Canadian politician (1914–2000)

Alcide Courcy (November 3, 1914 - May 22, 2000) was a Canadian politician, cabinet minister and a four-term Member of the National Assembly of Quebec.

==Early life==
Alcide Courcy was born in the town of Saint-Onésime-d'Ixworth, Quebec, in 1914. He was educated at l'École d'agriculture de Sainte-Anne-de-la-Pocatière, where he received his bachelor's degree in agricultural science.

After college, Courcy moved to the Abitibi region, where he began working as an agronomist and agricultural consultant. He was active in the local community in the town of Macamic, working with local agricultural cooperatives and unions. Courcy, along with Lucien Cliche and Jean-Pierre Bonneville, founded Le Progrès de Rouyn-Noranda, a local newspaper in 1954.

==Political career==
Courcy first ran for the Liberals in the 1952 election, but was defeated by Émile Lesage of the Union Nationale. Four years later, Courcy defeated Lesage to become the MNA for Abitibi-Ouest. While the Liberals were in opposition, Courcy acted as the chief organizer for the party between 1958 and 1960. Upon the Liberal Party's victory in the 1960 election, Courcy served as Minister of Agriculture and Minister of Colonization from 1960 until 1962 when the two ministries were merged.

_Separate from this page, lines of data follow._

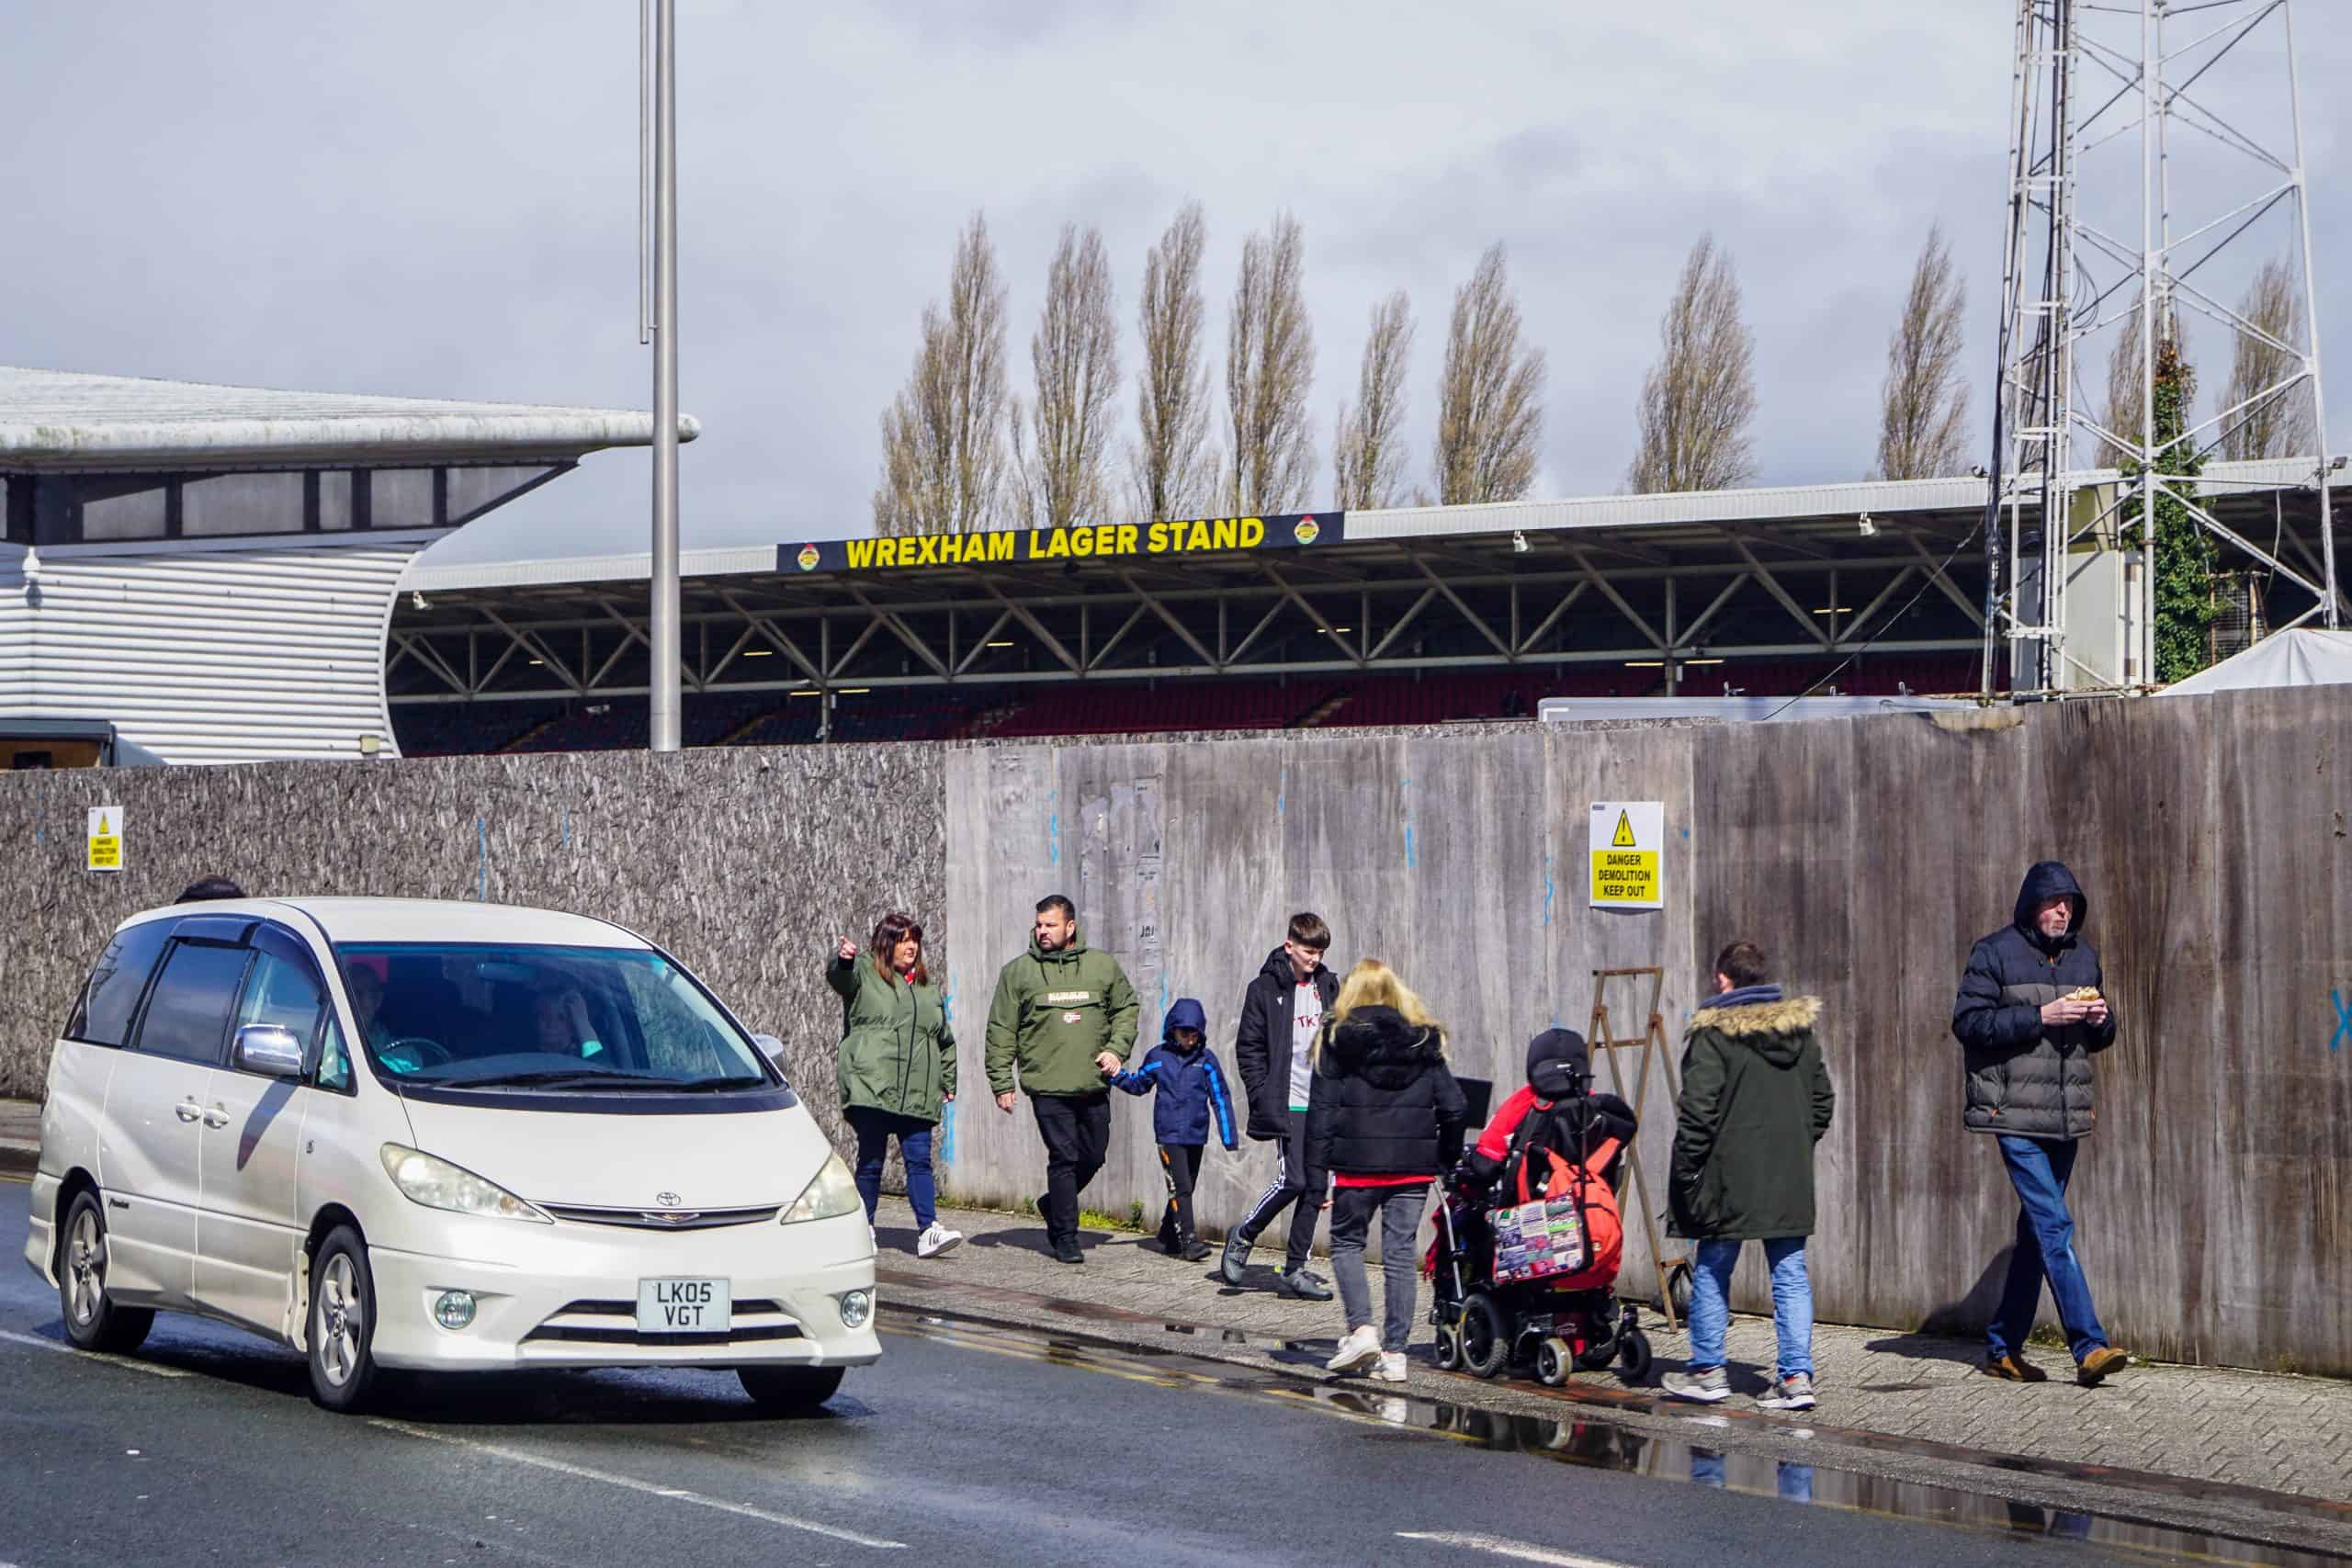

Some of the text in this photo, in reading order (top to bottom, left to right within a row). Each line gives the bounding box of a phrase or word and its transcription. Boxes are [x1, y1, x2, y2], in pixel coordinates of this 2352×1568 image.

[845, 517, 1265, 569] WREXHAM LAGER STAND
[1606, 854, 1642, 865] DANGER
[1598, 869, 1651, 881] DEMOLITION
[1603, 885, 1645, 897] KEEP OUT
[657, 1282, 712, 1303] LK05
[664, 1305, 704, 1325] VGT
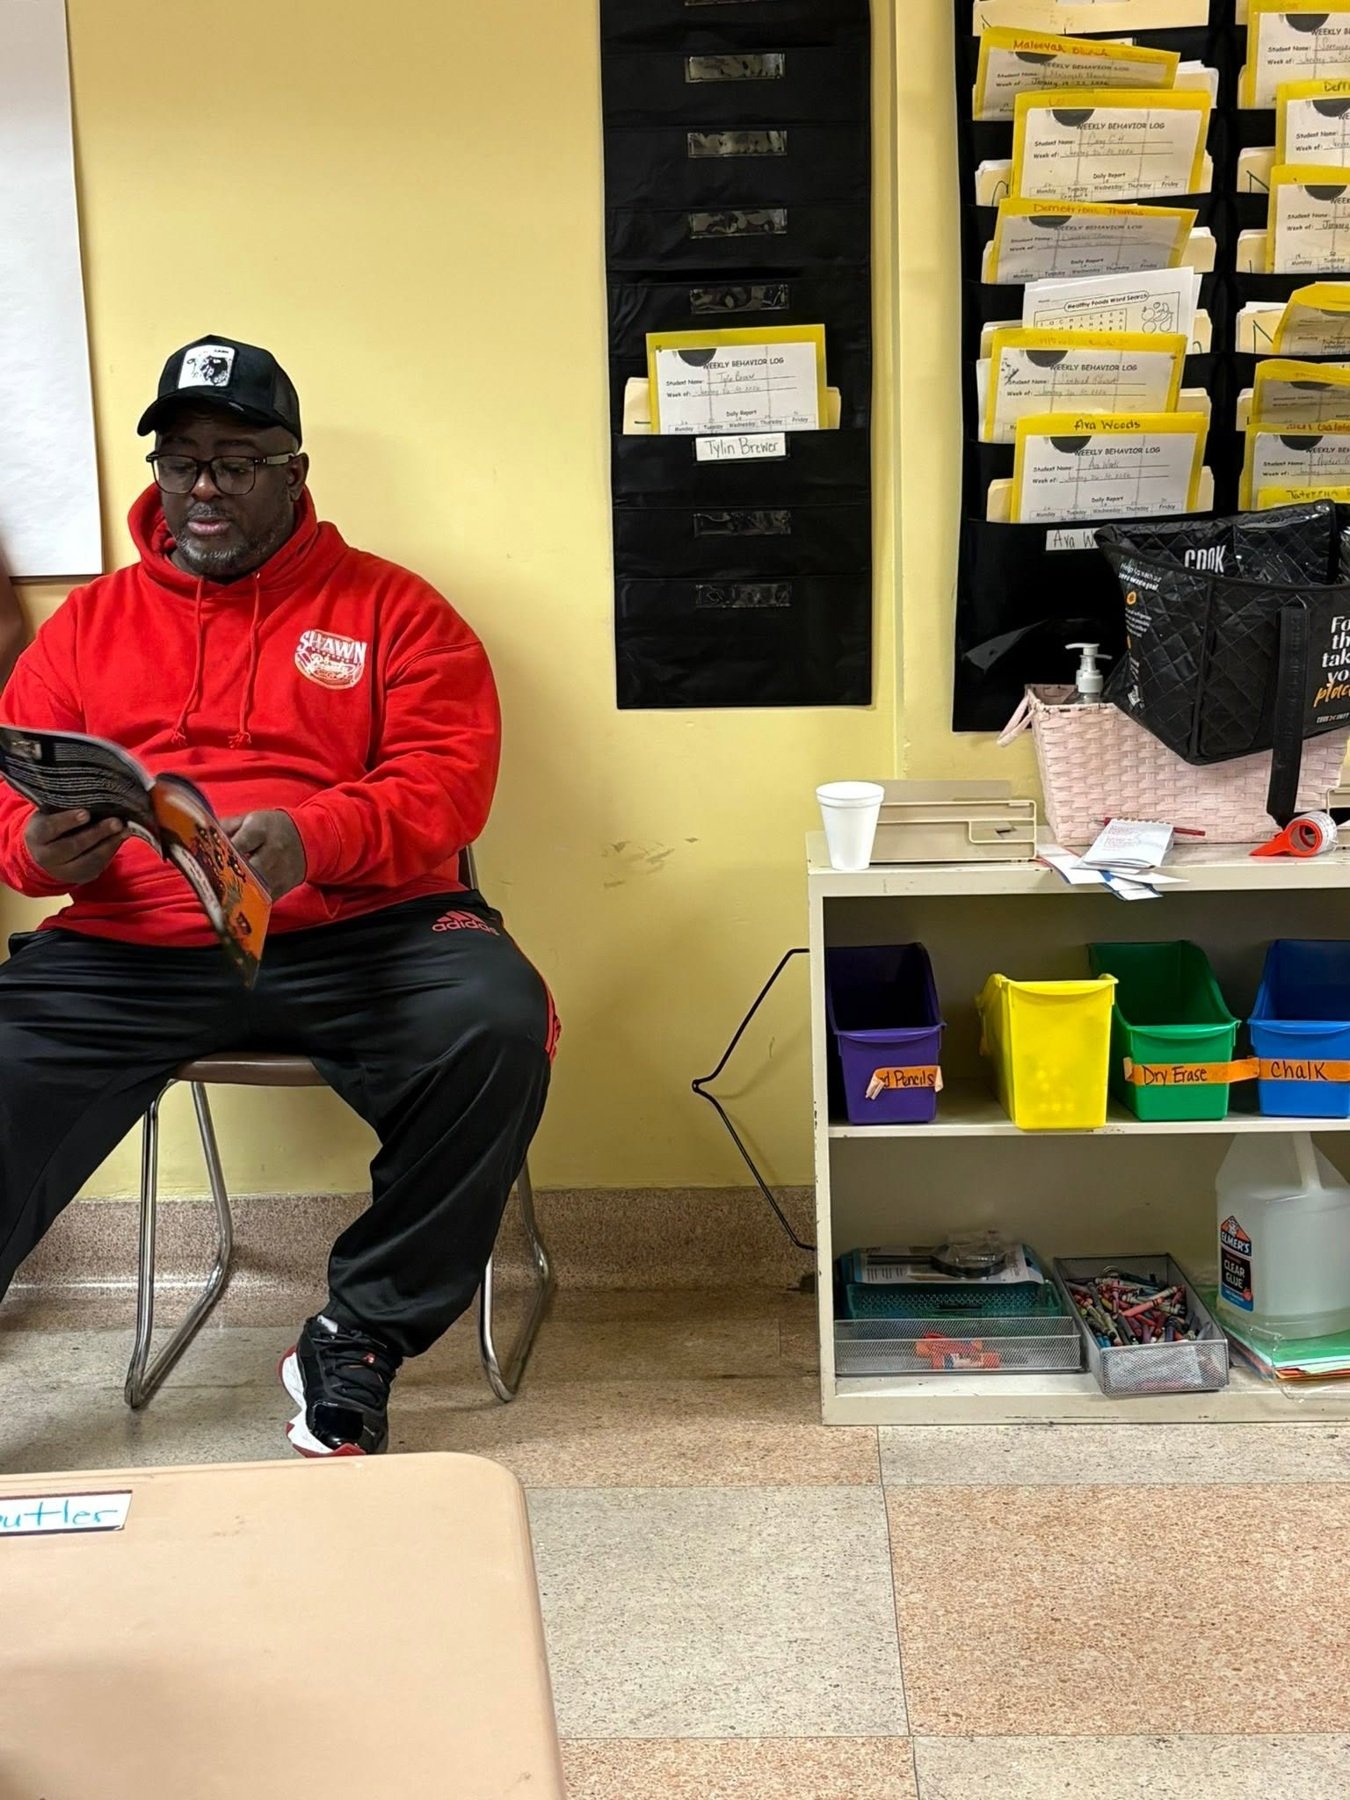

As Minister of Agriculture, Courcy streamlined services for farmers, decentralizing agricultural services for farmers in remote areas. Additionally, he helped the agricultural sector modernize in terms of production and marketing.

In the 1970 election, Courcy was defeated and replaced by Aurèle Audet of the Ralliement créditiste.

==Later life==
In his post political life, Alcide Courcy received honours from the agricultural community, receiving the Order of Agricultural Merit of Quebec and becoming a member of the Temple de la renommée de l'agriculture du Québec (Hall of Fame of Agriculture of Quebec) in 1992.

Courcy died in Sainte-Foy, Quebec, on May 22, 2000, at the age of 85.